Ein schriller, schneidender, fast schmerzender Schrei schreckt Georg aus dem morgendlichen Restschlaf und zwingt ihn aus dem Bett, presst sein Gesicht an die nachtfeuchte Scheibe des Schlafzimmerfensters. Es ist nichts zu sehen. Nichts Besonders auf der Straße. Grau glänzen die Pflastersteine und spiegeln das blasse Licht der Leuchtwerbung des benachbarten Kolonialwarengeschäftes wider. Hin und wieder rollen die Reifen vorbeifahrender Autos über dieses Pflaster und hinterlassen für wenige Momente Profilspuren wie einen Hinweis, dass es weiter geht. Sie hinterlassen noch andere Spuren, die des verbrannten Treibstoffes.

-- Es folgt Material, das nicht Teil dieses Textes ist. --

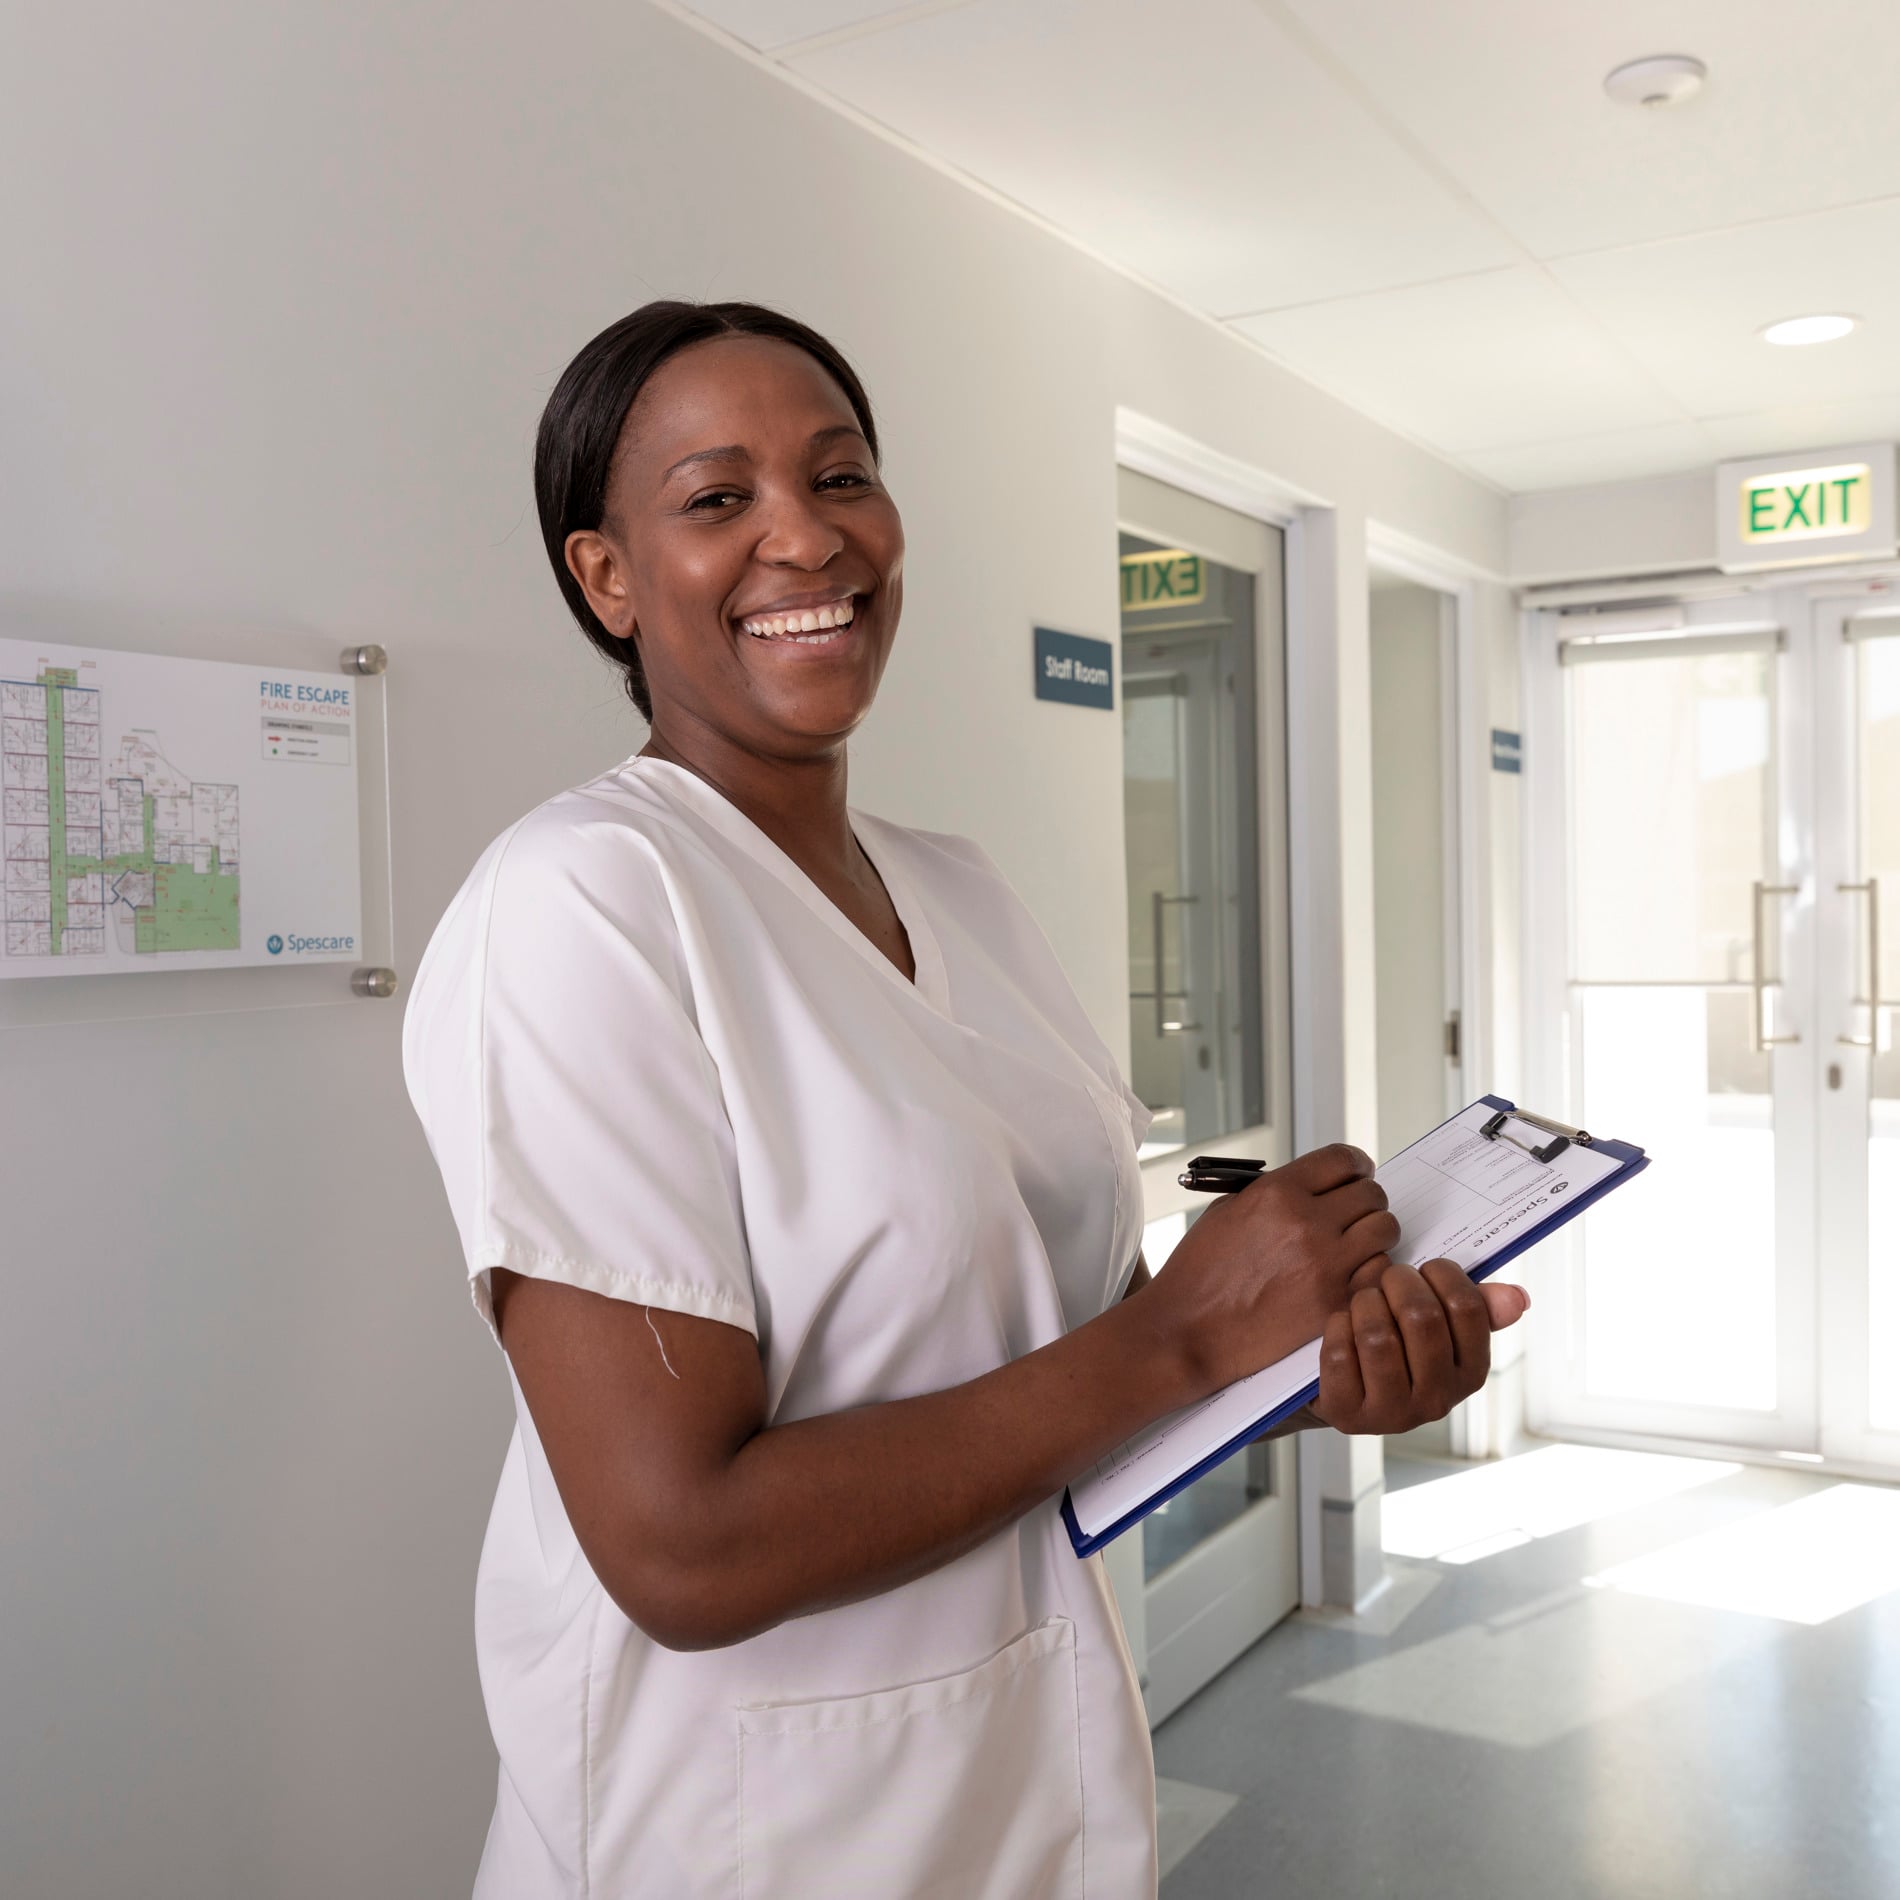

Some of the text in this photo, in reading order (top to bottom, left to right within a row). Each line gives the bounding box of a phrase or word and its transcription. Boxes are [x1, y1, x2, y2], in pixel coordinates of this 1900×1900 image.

[1750, 477, 1860, 532] EXIT
[1045, 655, 1109, 686] Staff Room
[260, 681, 350, 705] FIRE ESCAPE
[260, 699, 351, 717] PLAN OF ACTION
[288, 934, 354, 954] Spescare
[1472, 1196, 1549, 1248] Spescare

Georg hat eine gute Nase. Er riecht seine Wohnung, seine Möbel, die verschiedenen Düfte der Speisen, die er sich gelegentlich selbst zubereitet. Er findet sich in seiner Wohnung nach den Geruchsspuren zurecht. Er riecht seine Wege. Er kann sie, von seiner Nase geführt, sogar zurückverfolgen. Und er riecht seine Katze Peterle und weiß, ohne zu schauen, wo sie sich in seiner Wohnung befindet.

Der schrille Schrei ist schon lange gestorben. Schreie kann man nicht riechen. Georg riecht sein Bett und überlegt, ob er dessen Anziehungskraft nachgibt oder den Tag wegen des Schreis früher beginnt als sonst.

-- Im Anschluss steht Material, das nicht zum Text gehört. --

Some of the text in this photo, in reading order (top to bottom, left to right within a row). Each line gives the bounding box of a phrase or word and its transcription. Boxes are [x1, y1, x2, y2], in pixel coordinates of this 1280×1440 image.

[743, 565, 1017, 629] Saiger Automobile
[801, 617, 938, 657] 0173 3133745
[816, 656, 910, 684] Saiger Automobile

Sein Entschluss quält ihn, sobald er ihn gefasst hat. Sein Körper wird dank des Entschlusses, nun doch nicht mehr ins Bett zurück zu gehen, in die Küche geschoben. Die Kaffeemaschine verlangt bedienende Hände und zerblubbert ein paar Minuten der Küchenzeit.

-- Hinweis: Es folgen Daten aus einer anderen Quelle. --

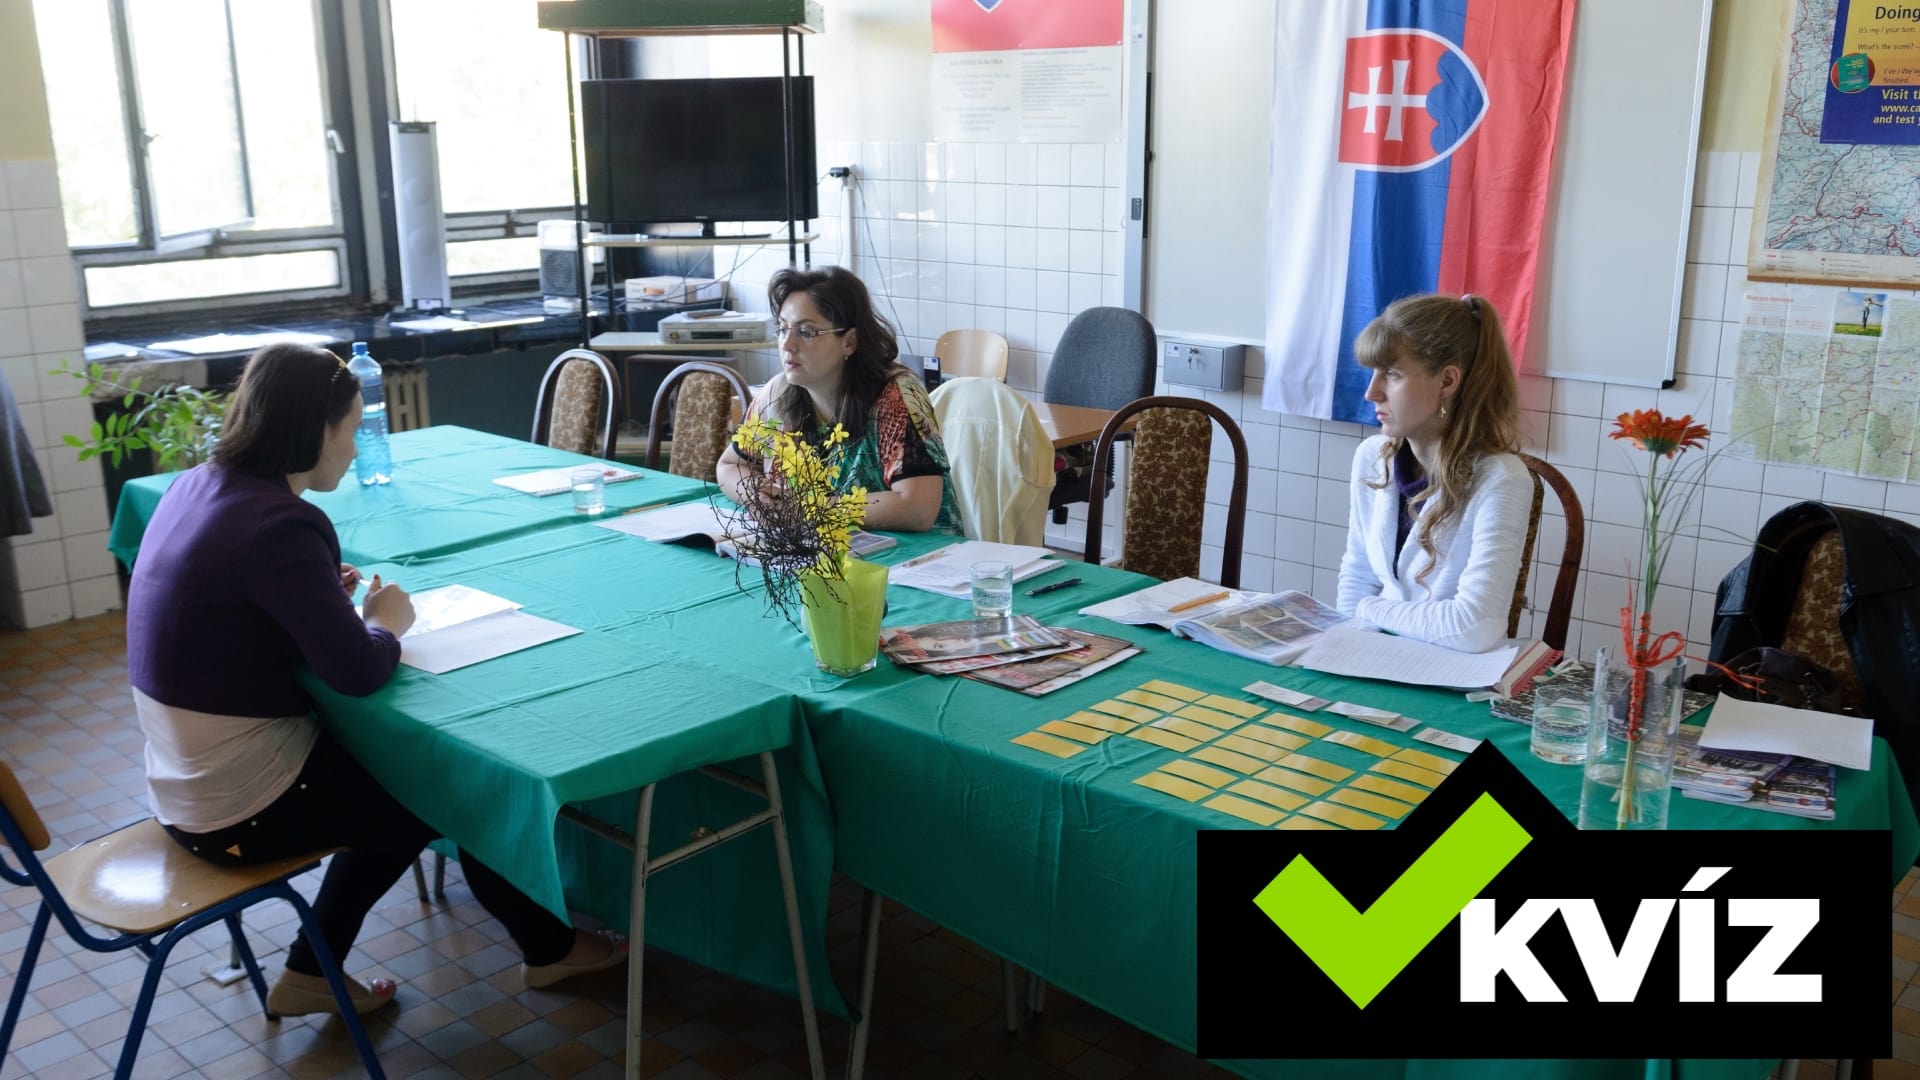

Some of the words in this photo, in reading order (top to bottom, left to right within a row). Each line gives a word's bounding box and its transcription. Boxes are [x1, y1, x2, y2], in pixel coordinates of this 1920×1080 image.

[1875, 5, 1920, 22] Doing
[1881, 88, 1909, 100] Visit
[1873, 114, 1893, 124] and
[1895, 115, 1916, 124] test

Immer, wenn Georg seinen Morgenkaffee zubereitet, riecht er die zunehmende Nähe von Peterle, der mit Georg zusammen seine Morgenmilch schlabbert. Peterle ist eigensinnig wie alle Kater, aber er hat eine Eigenheit, auf die Georg sich verlassen kann. Er ist pünktlich von seinen nächtlichen Ausflügen zurück zur Morgenmilch.

Heute riecht Georg Peterle nicht. Die Milch aus dem auf dem Küchenboden stehenden Napf lässt ihren Geruch ohne die fellige Begleitung aufsteigen und beunruhigt Georg. Heute ist der Tagesbeginn anders als an allen vorangegangenen Tagen. Ein schriller Schrei, ein schmerzlicher, da draußen.

Und Peterle ist nicht zur Morgenmilch gekommen.

Die Spur von Peterle führt zu dem kleinen Badezimmerfenster, welches Georg immer für ihn geöffnet hält, wenn er zu seinen nächtlichen Streifzügen entschwindet und später wieder in die Wohnungzurück will.

Georg schnuppert die alten Geruchsspuren von Peterle auf und weiß, dass er nicht durch das kleine Badezimmerfenster zurückgekommen ist. Er muss seinen Kater suchen.

Das Aroma des Bodenpflegemittels im Treppenhaus prallt an Georgs Wohnungstür ab und sinkt über die Treppenstufen bis zur Haustür, durch welche es beim gelegentlichen Öffnen auf die quadratischen Platten des Bürgersteiges schubweise entweicht. Georg schätzt dieses Aroma nicht sehr, aber es berichtet ihm, dass er in seinem Haus ist und er lässt sich davon umarmen, als er, ohne den Morgenkaffee zu Ende genossen zu haben, seine Wohnungstür von außen verschließt, um die Spur von Peterle aufzunehmen.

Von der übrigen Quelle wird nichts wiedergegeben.